The Evolution of Today´s Yoga Teacher
Before the big bang of the yoga industry as we know it, The practice of Yoga was a family affair. Indian Families gathered every morning as their eldest and wisest led the session in the ways he learned it from his childhood. No type of yoga, no certification to teach, just insights from a wise old man or woman. Each household with its own universe for wellbeing. But like most peaceful places, outside forces hit and world´s change.
Fast forward to today. Yoga is a whopping $80 Billion dollar industry worldwide. There are yoga products to sell for every facet of life. From creating followers to creating teachers, this business isn’t just growing upwards it is spreading like the roots from a great forest interconnecting with each other. At this rate, it poses questions for the new teachers. Will market saturation pose as a threat? Moreover, what can we do as teachers to stand out?
1. The Teacher you are and the teacher you want to be
In the 18th Century, Yoga was developed as a way to bridge the gap between Indian and British colonial culture. While Yoga was originally a meditative practice, a militarised practice, which was eventually developed into a physical regimen as a way to break Indian stereotypes during the British colonial rule. Looks like it worked because these days Indian culture has enriched the entire world and formed an international following. What was done to bridge that gap? People Adapted. One must in order to survive. How do we do that? By looking at what we bring to the table first and then plan our next move. In business, a SWOT analysis is usually included in a business plan. Since a yoga instructor´s tool of trade is his/her body, doing the same seems natural. Really analyse what you have to offer. Include the bad points so you can rectify them. Once we are done with this then we can foresee the road ahead. Next, we need to visualise the future of our career. I have recently used Pinterest to make a vision board to look at whenever I’m on that app. For me, it serves as a guide to what I generally want out of my professional life. Note that the vision board will transform into something maybe completely different from your original thought. It´s not what´s on it, it’s the act of making it and using it as a reminder that you have made a map for yourself.
2. Who do you want to teach? Be specific.
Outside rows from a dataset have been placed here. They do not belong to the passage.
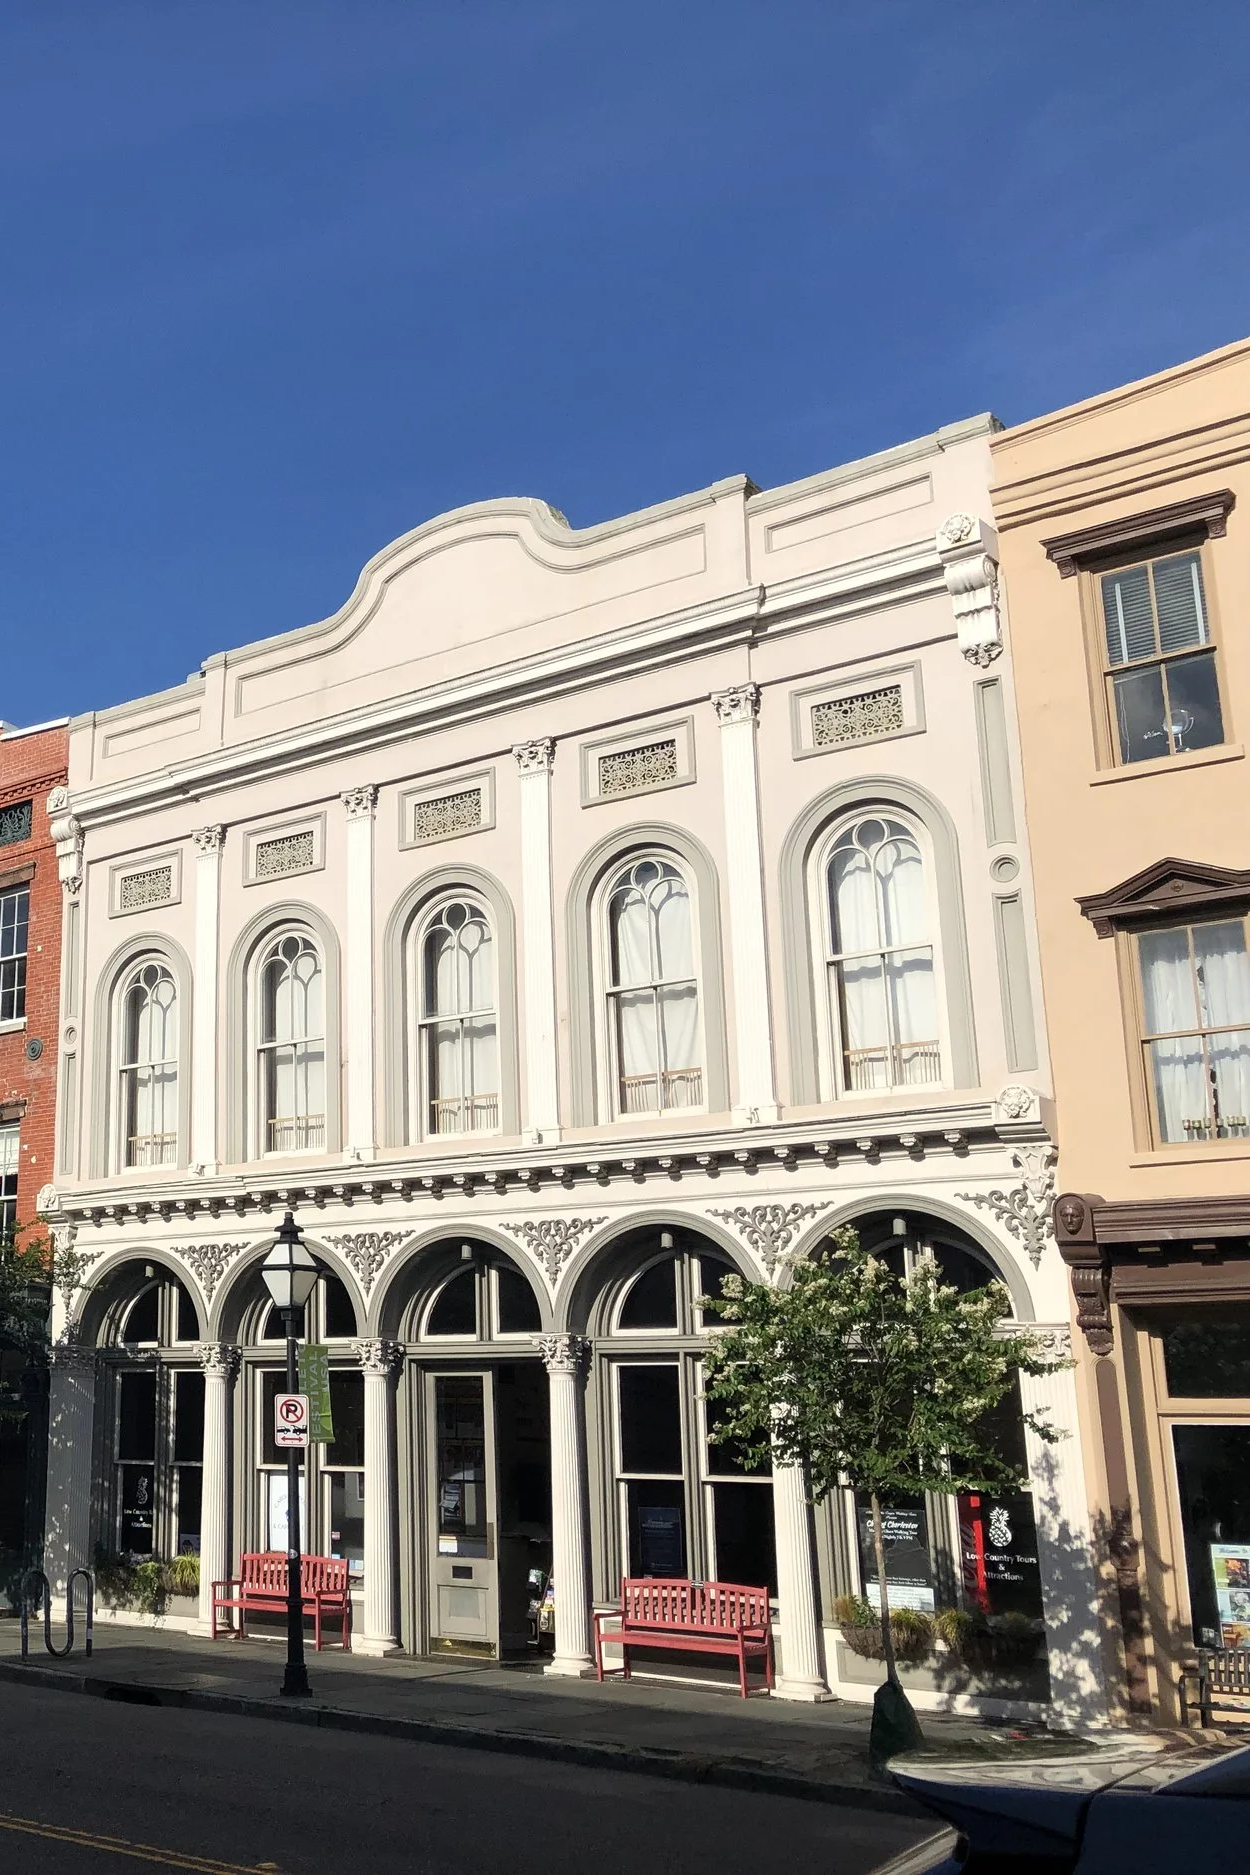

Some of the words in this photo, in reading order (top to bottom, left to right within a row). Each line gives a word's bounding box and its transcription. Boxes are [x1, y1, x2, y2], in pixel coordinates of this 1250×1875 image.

[297, 1344, 307, 1391] LETO
[319, 1354, 330, 1393] USA
[887, 1520, 919, 1530] Charleston
[966, 1552, 982, 1561] Low
[984, 1553, 1014, 1564] Country
[1016, 1555, 1038, 1565] Tours
[998, 1564, 1006, 1572] &
[982, 1571, 1024, 1581] Attractions
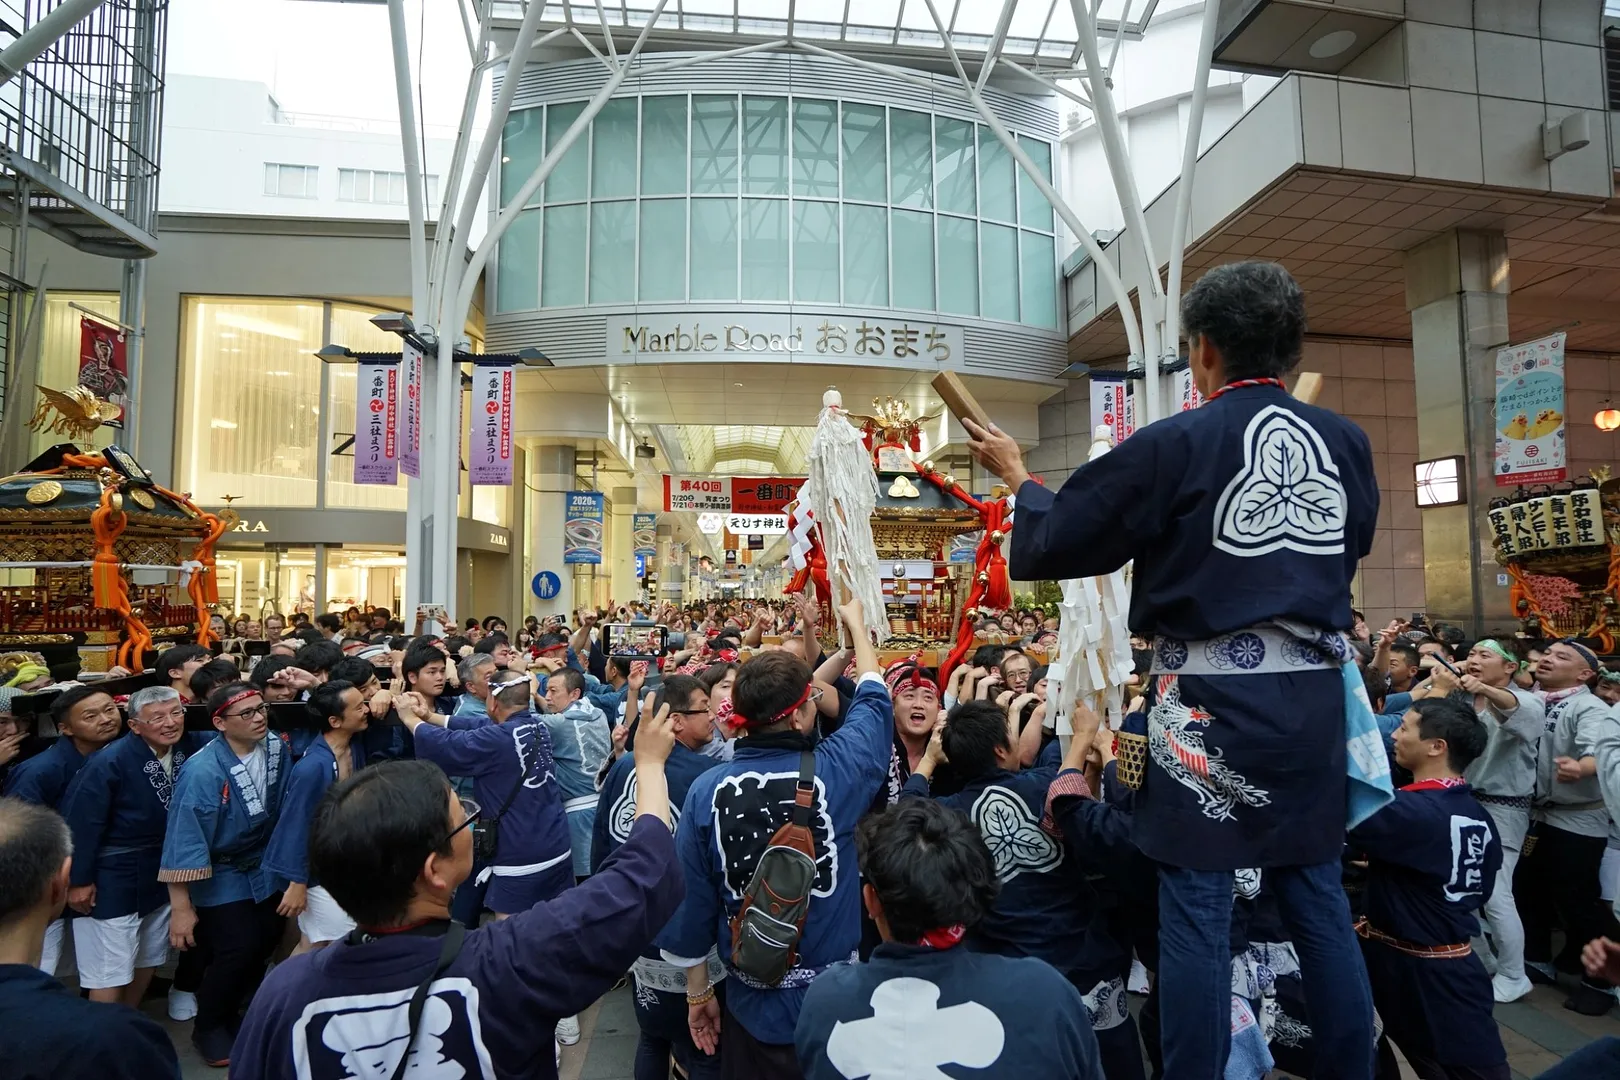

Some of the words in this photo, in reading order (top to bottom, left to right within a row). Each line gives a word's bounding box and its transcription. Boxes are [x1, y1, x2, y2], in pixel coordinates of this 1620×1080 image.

In the early 20th century, Krishnamacharya ( the Father of Modern Yoga ) was a teacher who focused his rigid Ashtanga Vinyasa practice on active teens or people who were generally fit except one. His Brother-in-law, B.K.S. Iyengar. This boy was a sickly teen who, despite his condition, performed very well. Enough to impress his superior, enough to develop his own style. The students B.K.S. Iyengar was assigned to teach were women moreover, boys who like him, were frequently unwell. So he decided to use props to help his students in achieving the poses while focusing on alignment. Less dynamic than his predecessor but well in the service of his pupils. There will always be students coming in. The thing is, If you try to cater to everyone, you end up with no one. A lot of teachers make the mistake of going as broad as they can to reach the most people. That´s a mistake. These days and as you can see, even back then, having a clear target market or niche is a better option as a teacher. Ask yourself, Who do you want to teach? Don’t just say children, men, women, etc. that’s too broad. Make up a character. Don´t worry there will be a group of people who will want your classes. For example, My target market is people who are looking for an inversion based class with a Cirque component as I am an Aerial and Vinyasa yoga instructor. Once I started focusing my attention on all this, the clients started coming in. People who have been looking for my type of yoga for years. If you build you, they will come.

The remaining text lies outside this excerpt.